Monitoring and management of chronic heart failure in primary care: an overview of economic models

Talk Code: 
P2.42
Presenter: 
Claire Simons
Co-authors: 
Amitava Banerjee, Carl Heneghan, Clare Taylor, Richard Hobbs, Rafael Perera, Borislava Mihaylova
Author institutions: 
Health Economics Research Centre Nuffield Department of Population Health University of Oxford, Farr Institute of Health Informatics Research Institute of Health Informatics University College London, Nuffield Department of Primary Care Science University of Oxford, Centre for Primary Care and Public Health Queen Mary University of London

Problem

There is a growing interest in strengthening the evidence for heart failure management in primary care. We aimed to review health economic models used to answer research questions related to the cost-effectiveness of heart failure monitoring and management strategies and interventions in primary care with a focus on model structures and data used.

Approach

We updated a previous review of cost-effectiveness models in heart failure by Goehler et al. (2011) with 8 further years of data up to August 2018. Analytical frameworks used to evaluate heart failure treatments and management programmes in primary care were identified. Models were excluded if they were exclusively within secondary care or if they presented local non-UK adaptations of already included models.

Findings

Forty-three studies were identified of which three studied heart failure diagnosis; 11 management strategies and 29 drug interventions. The severity of heart failure was mostly based on New York Heart Association stages (with or without cardiovascular event history) or number of hospital admissions for heart failure. 34 models used a Markov model structure with the remaining using decision trees, mathematical equations or discrete event simulations. There was limited use on individual patient characteristics in the models with 13 (30%) models incorporating such information though this approach is more frequently considered in recent models (43% of those published since 2010). The data used to inform the parameters in the models (disease risks, quality of life and costs) were sourced predominantly from randomised trials in chronic heart failure patients in secondary care. All studies used some data from randomised trial data, with 31 (72%) of models fully developed using trials’ data.

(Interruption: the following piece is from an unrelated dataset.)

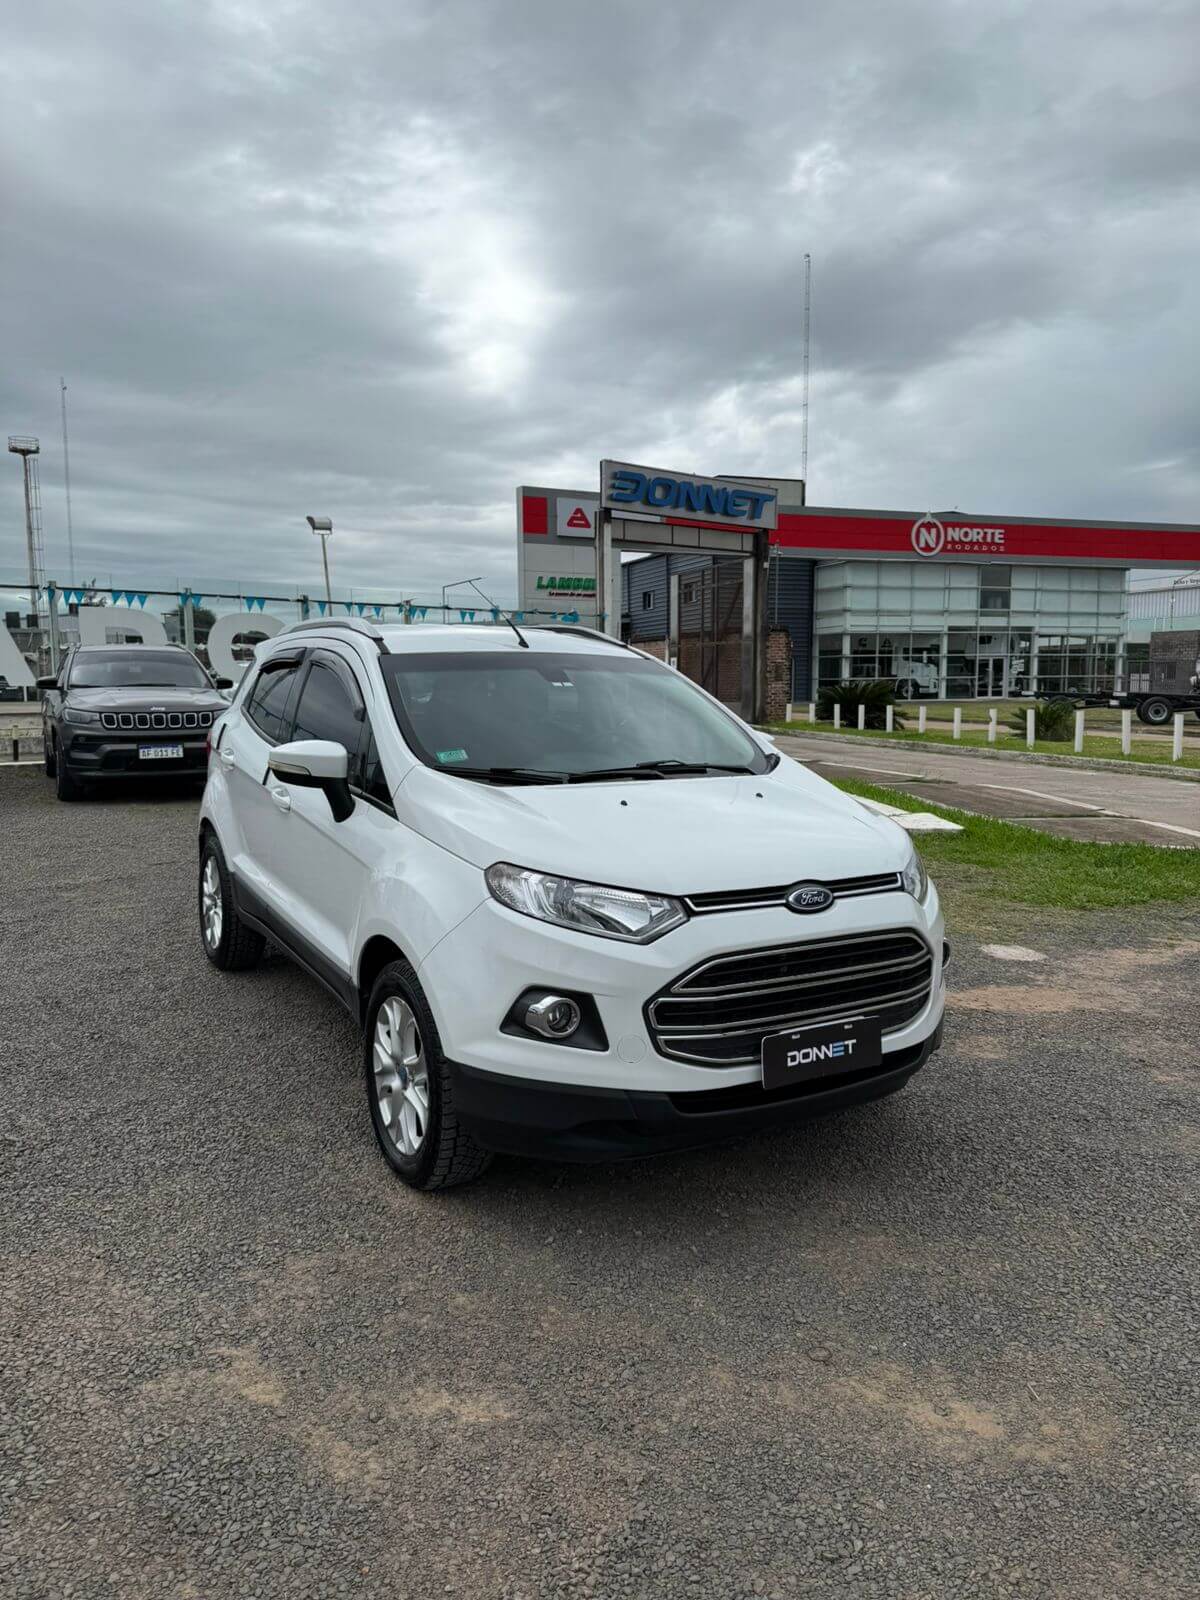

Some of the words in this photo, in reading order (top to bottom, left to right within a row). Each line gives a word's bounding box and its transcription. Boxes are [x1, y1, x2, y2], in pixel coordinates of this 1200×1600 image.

These trials were frequently completed some years previously and were unlikely representative of the chronic heart failure population seen in primary care in primary care in terms of the current prognosis of contemporary patients with heart failure or the range of stages of heart failure observed in the community.

Consequences

Future models should aim to employ primary care data, include individual patient characteristics and consider important markers of progression of chronic heart failure in patients typically seen in primary care.

Submitted by: 
Claire Simons
Funding acknowledgement: 
Funded by the NIHR PGfAR programme (RP-PG-1210-12003) and NIHR Biomedical Research Centre, Oxford. The views expressed are those of the authors and not necessarily those of the NHS, the NIHR or the Department of Health and Social Care.